For her part, Thomas encourages new parents who attend her weekly playgroup to take the long view. Her first child, Colter, missed the 8-month milestone for crawling, then ended up walking at 11 months. Her younger child, Tayler, a dynamo in motor skills, consistently misses every deadline in the books for feeding. "My mantra has been, 'She's not going to go to college eating out of a jar,'" Thomas says. "I know we're going to get there eventually. It just takes time. And I try to help other parents see that too."
What's Really Important?
Baby books tend to overemphasize the importance of gross-motor milestones like crawling and walking, says Barbara Howard, M.D., an assistant professor of pediatrics at the Johns Hopkins University School of Medicine in Baltimore. Pediatricians are more interested in whether a baby is achieving the precursors to language and social skills. "Being able to understand and interact with others is what it means to be human," she says. Your pediatrician will look for these signs that your baby is coming along nicely both intellectually and socially.
At about: 8 weeks
Your baby should: Smile Responsively
At about: 8 weeks to 3 months
Your baby should: Take turns in a cooing game
At about: 6 to 8 months
Your baby should: Babble
At about: 8 months
Your baby should: Attempt to get mobile
At about: 8 to 10 months
Your baby should: React differently to strangers
At about: 9 months
Your baby should: Sit up
At about: 10 to 12 months
Your baby should: Play pattycake and wave bye-bye
Toward a Better Well-Baby Visit
At an ideal infant check-up, the doctor will perform these steps:
- A weigh-in, along with measurements of length and of head circumference. The doctor is more concerned with your child's overall rate of growth than with the baby's precise size at any one visit.

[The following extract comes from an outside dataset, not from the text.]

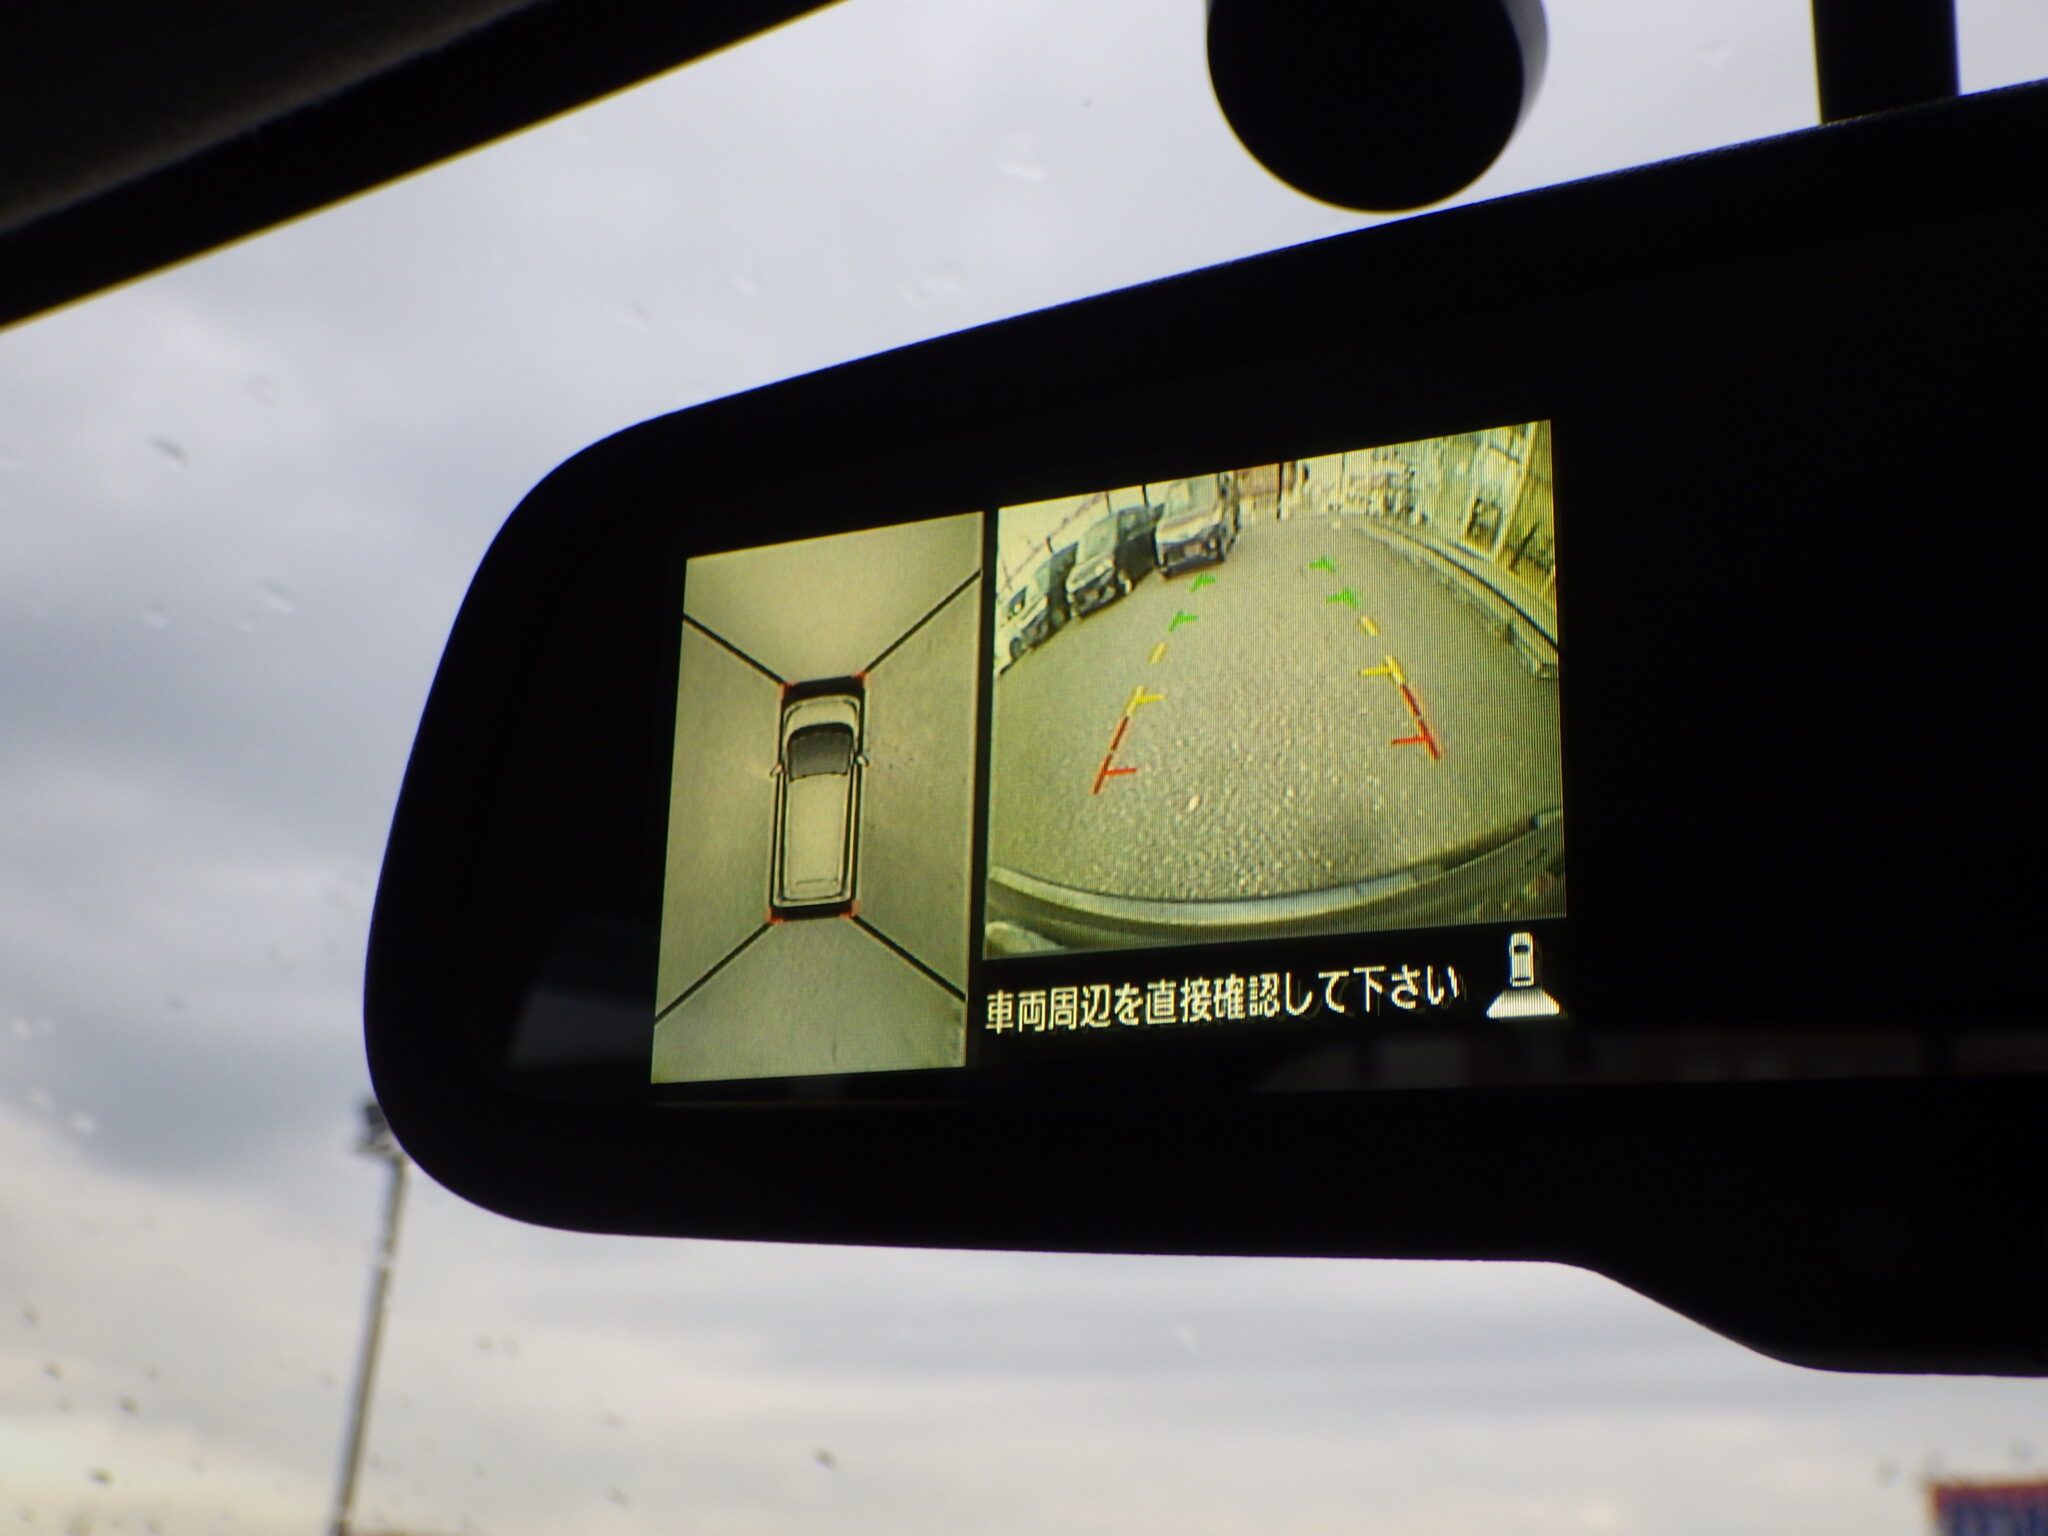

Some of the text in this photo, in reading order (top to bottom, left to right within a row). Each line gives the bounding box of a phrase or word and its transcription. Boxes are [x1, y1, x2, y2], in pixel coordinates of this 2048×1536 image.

[985, 963, 1459, 1034] 車両周辺を直接確認して下さい

- A whole-body exam. Among the parts regularly assessed are a baby's heart, lungs, abdomen, skin, eyes, ears, nose, throat, teeth, nerves, muscles, genitals, and bones (particularly hips, for displacement).
- Vaccinations. The battery of inoculations that the American Academy of Pediatrics currently recommends is posted in the "You and Your Family" section at
- A developmental assessment. Some doctors ask parents to fill out a checklist. Others ask open-ended questions like "What great things is your baby doing since his last visit?" Additional routine diagnostics include the doctor making eye contact with and talking to the baby, as well as handing over a small object for her to grasp.
- A measure of family well-being. Some pediatricians observe the way Mom and Dad hold and comfort the infant as well as how they interact with each other. Some inquire outright. Barbara Howard, M.D., a developmental-behavioral pediatrician in Baltimore, likes to ask: "What's hardest about having (for example) a 6-month-old?"
- A question-and-answer session with parents. Good pediatricians value parents' observations and concerns.